The COVID-19 Pandemic and Insurance Coverage for Business Interruption in Canada.

AuthorKnutsen, Erik S.
PositionSpecial Issue: COVID-19 and the Law

Introduction I. Pandemic-Related Losses Are Insurable II. Types of COVID-19 Pandemic-Related Business Interruption Losses III. Commercial Property, Business Interruption, and Civil Authority Insurance Coverage IV. Policyholder and Insurer Perspectives of Coverage V. Coverage in Commercial Property Insurance: "Direct Physical Loss or Damage" VI. Interpreting "Direct Physical Loss or Damage" VII. The Virus Exclusion Conclusion Introduction

Businesses reeling from income loss due to the COVID-19 pandemic may be counting on the commercial insurance policies they purchased to somehow provide financial assistance. In an attempt to curb the spread of the virus, government-forced shutdowns, travel bans, and required re-toolings of ways of doing business have meant that many businesses have been hit hard financially during the pandemic. Retail shops saw in-store patron levels plummet. Restaurants were forced to move from a dine-in to a take-out model. Airlines cut service as there were few travellers. Some businesses have had to temporarily close and decontaminate business premises because employees or patrons were infected with the COVID-19 virus.

But are most Canadian businesses insured for pandemic-related business interruption losses? Can insurance even cover such claims? Will the insurance industry go bankrupt if such claims arose in a widespread fashion?

Some businesses may have purchased business interruption insurance as part of their commercial property insurance policy. That insurance coverage typically provides coverage for "direct physical loss of, or damage to" property. (1) Canadian courts will have to determine if COVID-19 pandemic-related losses involve direct physical loss of, or damage to, property and are thus covered by insurance. This will require courts to construe that coverage clause. Fair and predictable insurance coverage results for pandemic-related business interruption claims can be achieved if policyholders, insurers, courts, and lawyers avoid a literalist, dictionary-focused approach to this insurance coverage issue and instead overtly account for how commercial property insurance should operate as a risk-based financial product.

  1. Pandemic-Related Losses Are Insurable

    Fortuitous risk is the bedrock concept of insurance. (2) Anything that has an unexpected and accidental element can be insured. The unexpected loss of property or unexpected liability for harm to someone or something are insurable circumstances because they involve unexpected losses. Insurance does not insure certainties. For example, one cannot insure against the legal liability for intentionally punching someone--that punch is a certainty if one meant to punch someone and meant to injure the victim. Because the punch is not a fortuitous risk, it is not insurable. Even among some certain losses, insurance can still exist if the timing or amount of the loss is unexpected. For example, life insurance insures against the inevitable--death. Death can be an insured event because one does not know when one will die; that is fortuitous.
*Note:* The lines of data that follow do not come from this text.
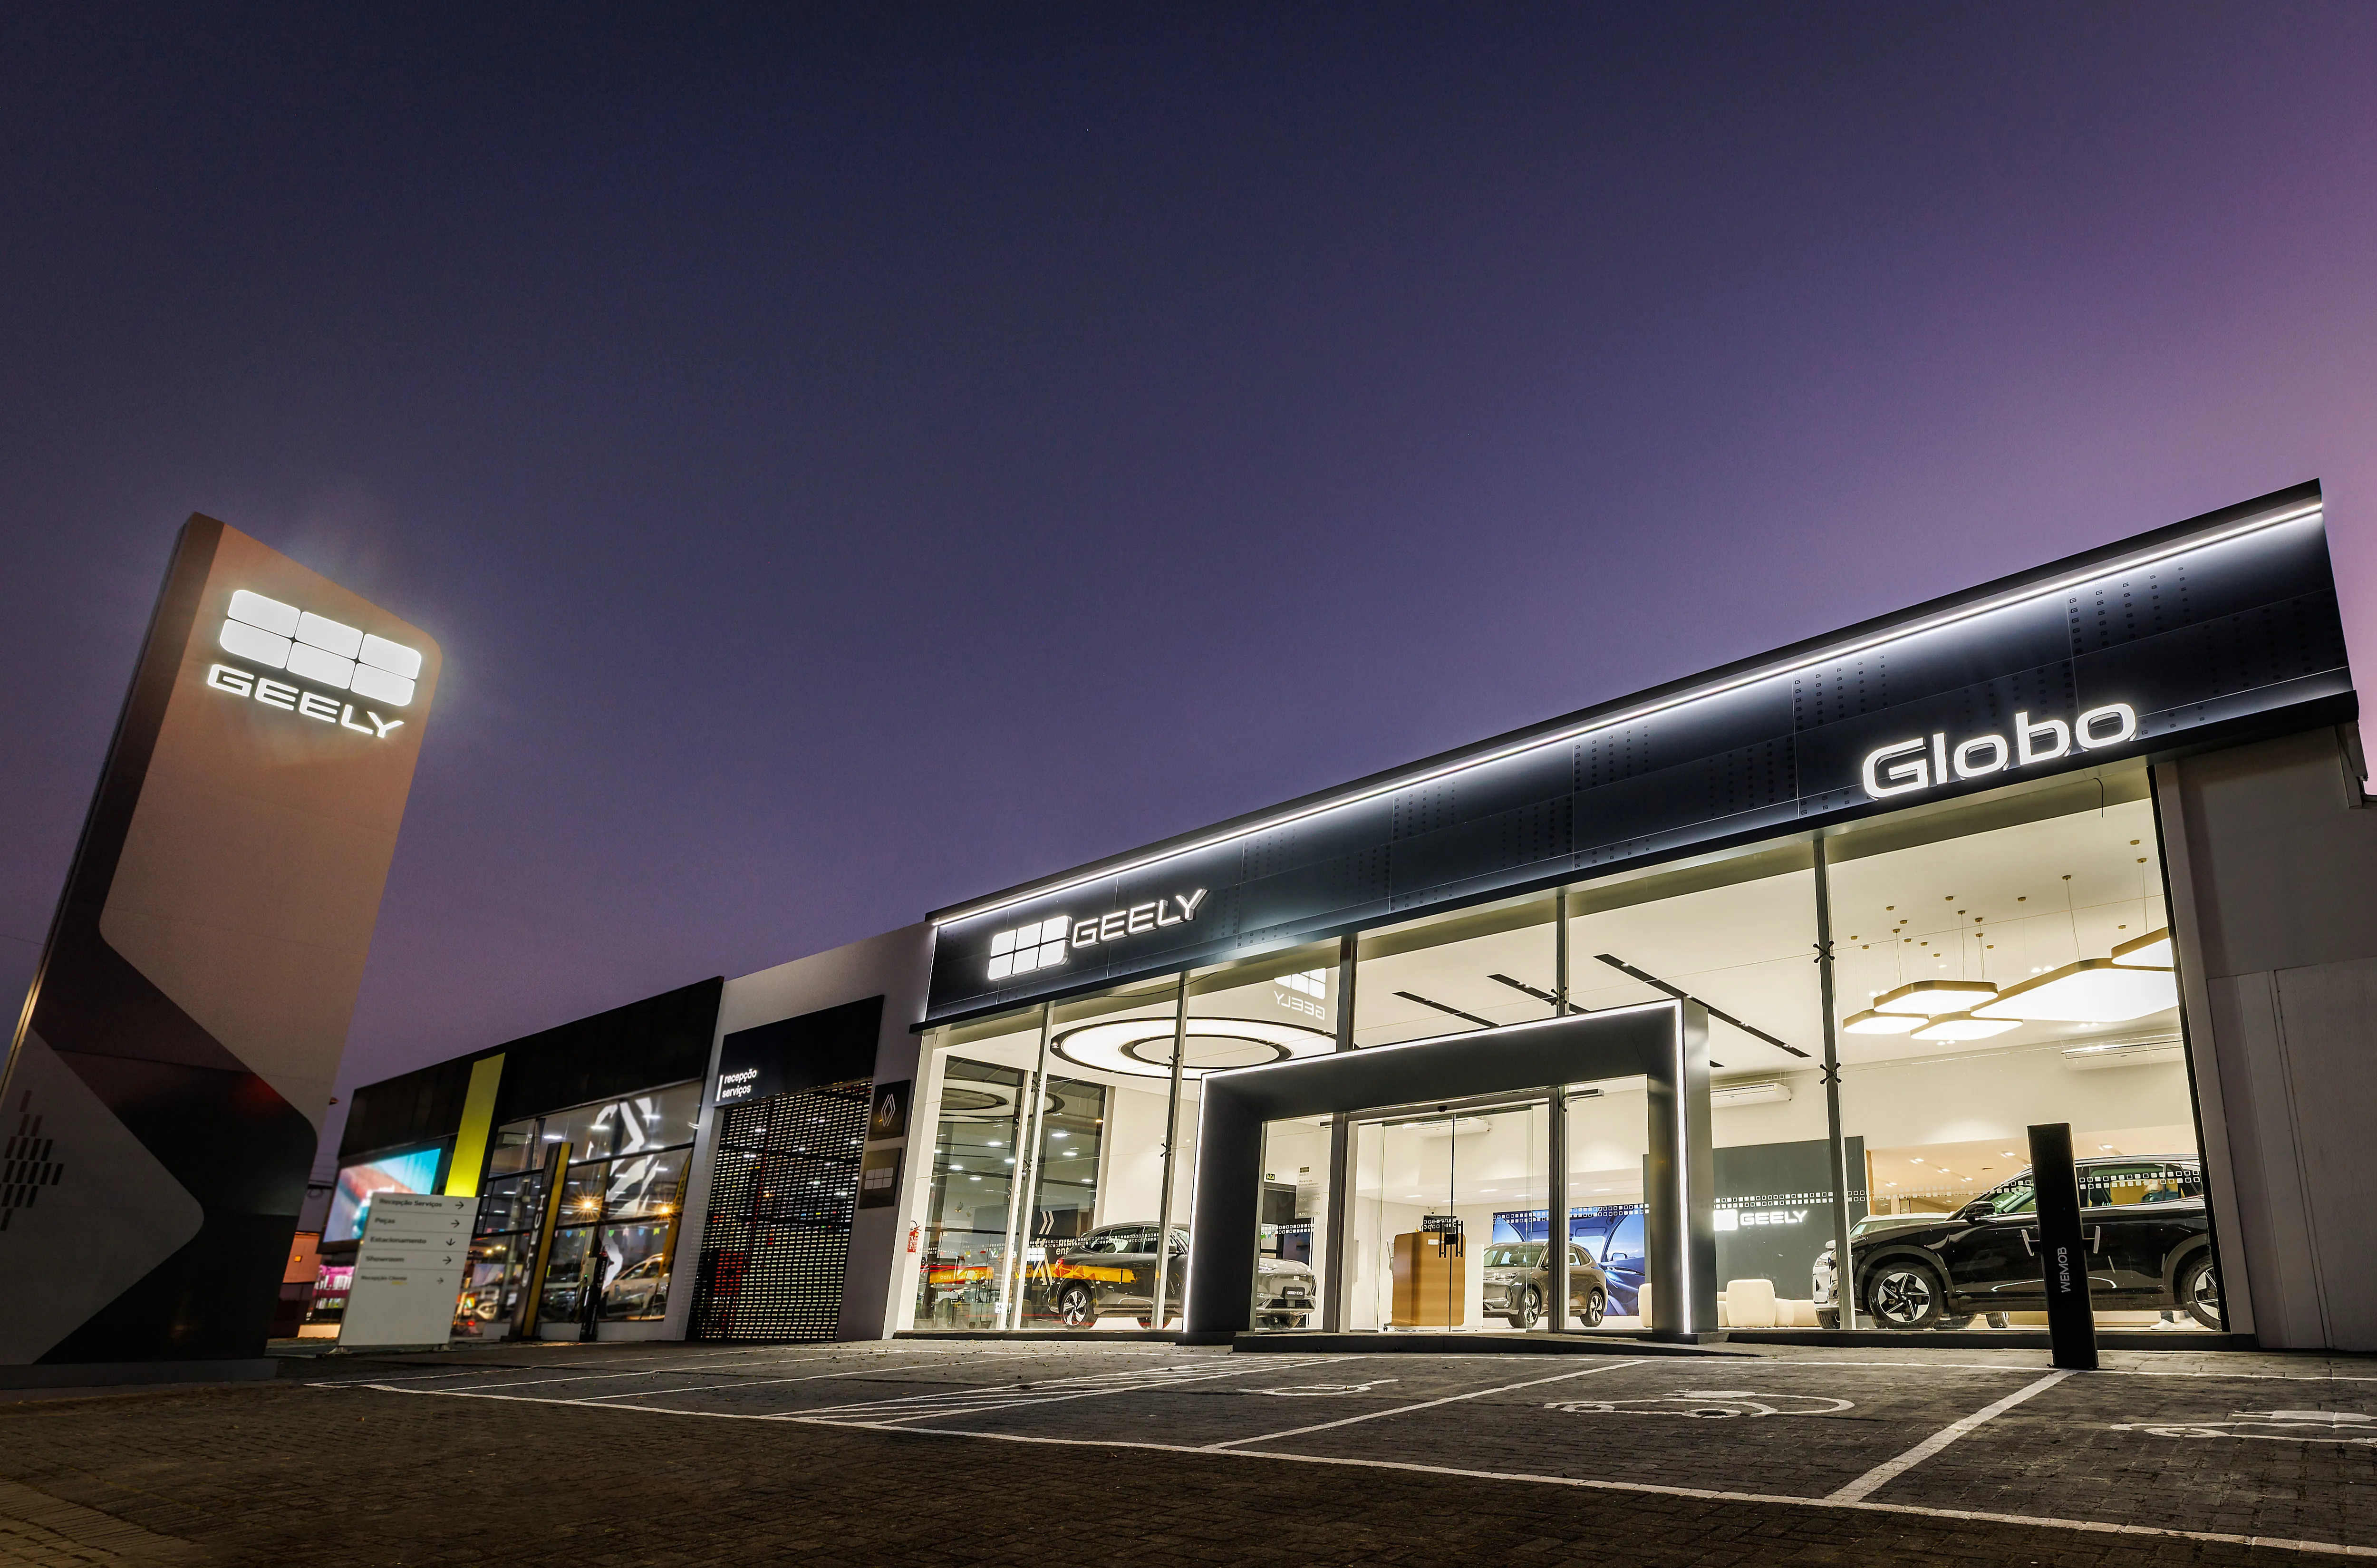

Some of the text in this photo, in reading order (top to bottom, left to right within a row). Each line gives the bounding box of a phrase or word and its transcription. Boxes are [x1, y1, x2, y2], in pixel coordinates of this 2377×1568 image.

[207, 663, 405, 738] GEELY
[1862, 703, 2137, 800] Globo
[1072, 888, 1209, 949] GEELY
[722, 1085, 752, 1098] serviços
[724, 1068, 757, 1084] recepção
[522, 1194, 546, 1287] E-TECH
[1739, 1210, 1808, 1225] GEELY
[2060, 1247, 2070, 1293] WEMOB
The occurrence of the COVID-19 pandemic, the timing of pandemic-related losses, and the extent of such losses are all fortuitous things that can be insured against. (3)
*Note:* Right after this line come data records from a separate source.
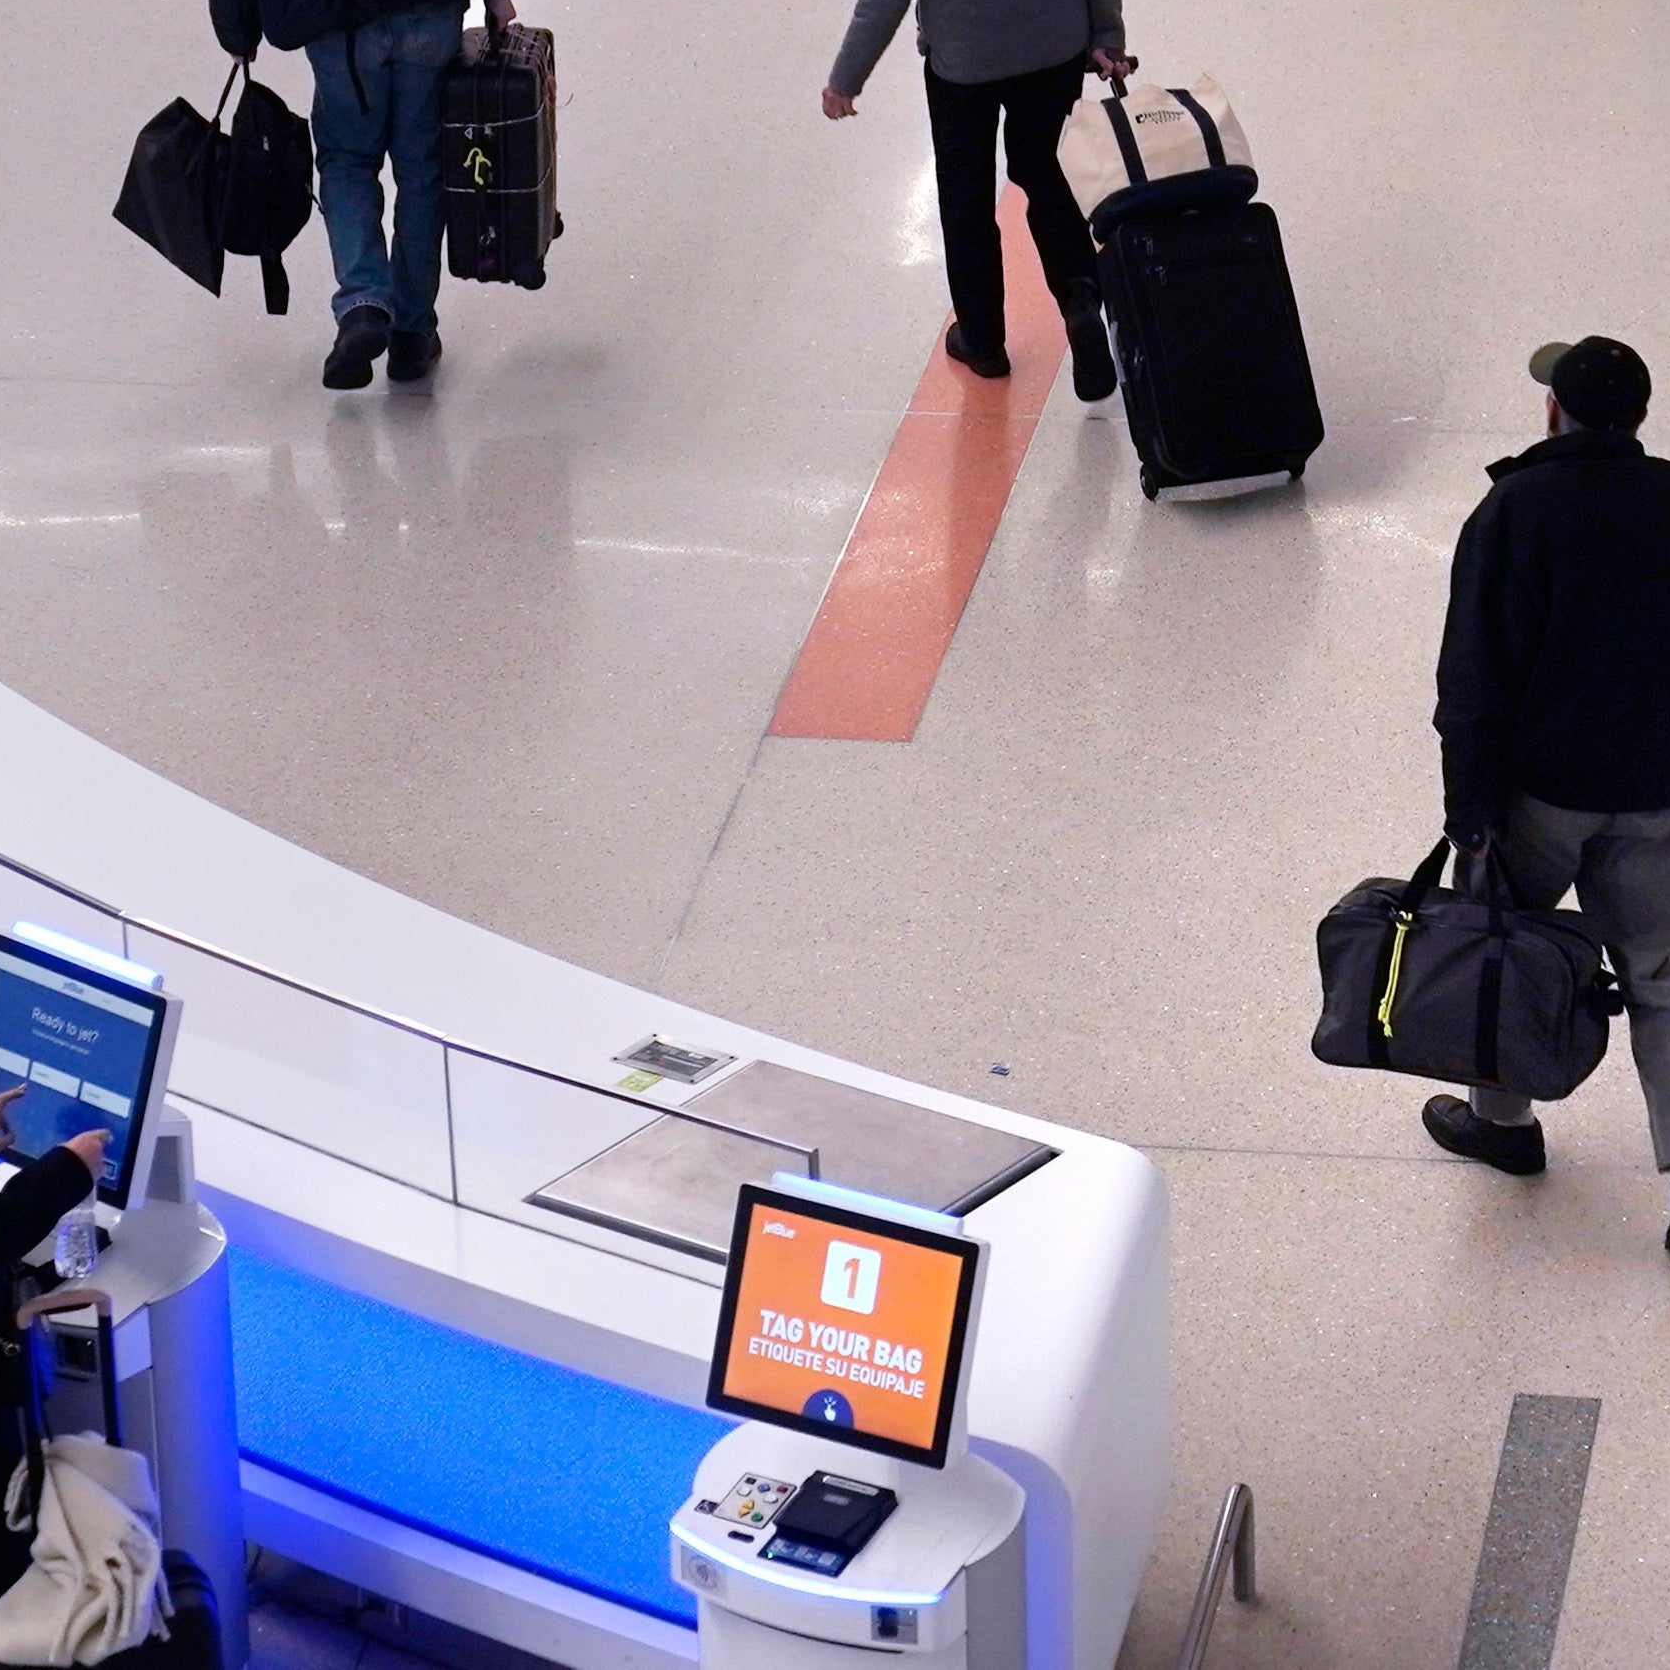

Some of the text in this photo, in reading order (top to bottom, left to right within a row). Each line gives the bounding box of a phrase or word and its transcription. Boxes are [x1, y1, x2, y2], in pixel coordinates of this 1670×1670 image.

[31, 1006, 64, 1033] Ready
[66, 1019, 79, 1037] to
[76, 1025, 99, 1043] jet?
[843, 1257, 861, 1300] 1
[748, 1336, 926, 1400] ETIQUETE SU EQUIPAJE
[759, 1309, 924, 1375] TAG YOUR BAG
    Since the start of the COVID-19 pandemic, words like "unprecedented" and "unexpected" have been bandied about. From the standpoint of an insurance company who may have to cover pandemic-related claims, such claims are not outside the realm of foreseeable (and thus susceptible to standard insurance underwriting principles to rate risk and charge premiums accordingly). The past decades have seen many instances of pandemics which offered clues to insurers that a disease-causing event could result in significant insured losses. From Ebola to SARS, H1N1, Zika, MERS, swine flu, and HIV/AIDS, insurers have known that these diseases can seriously influence commercial entities. They had the opportunity to model possible future claims costs.

    Insurers will not become financially insolvent if expected to pay claims for pandemic-related losses. Insurers had ample opportunity to model and prepare for this pandemic. One global insurer actually had a product on the market to cover pandemic-related losses. (4) Nobody knows the true extent of the actual pandemic-related losses. There are always exclusions in insurance policies, and not all policies cover all losses. Not all businesses are affected the same way by the pandemic. Some businesses are decimated. Others actually thrive. Online commerce exploded with use. Delivery services became the essential survival tool. So, not every business will have an insurance claim for pandemic-related losses.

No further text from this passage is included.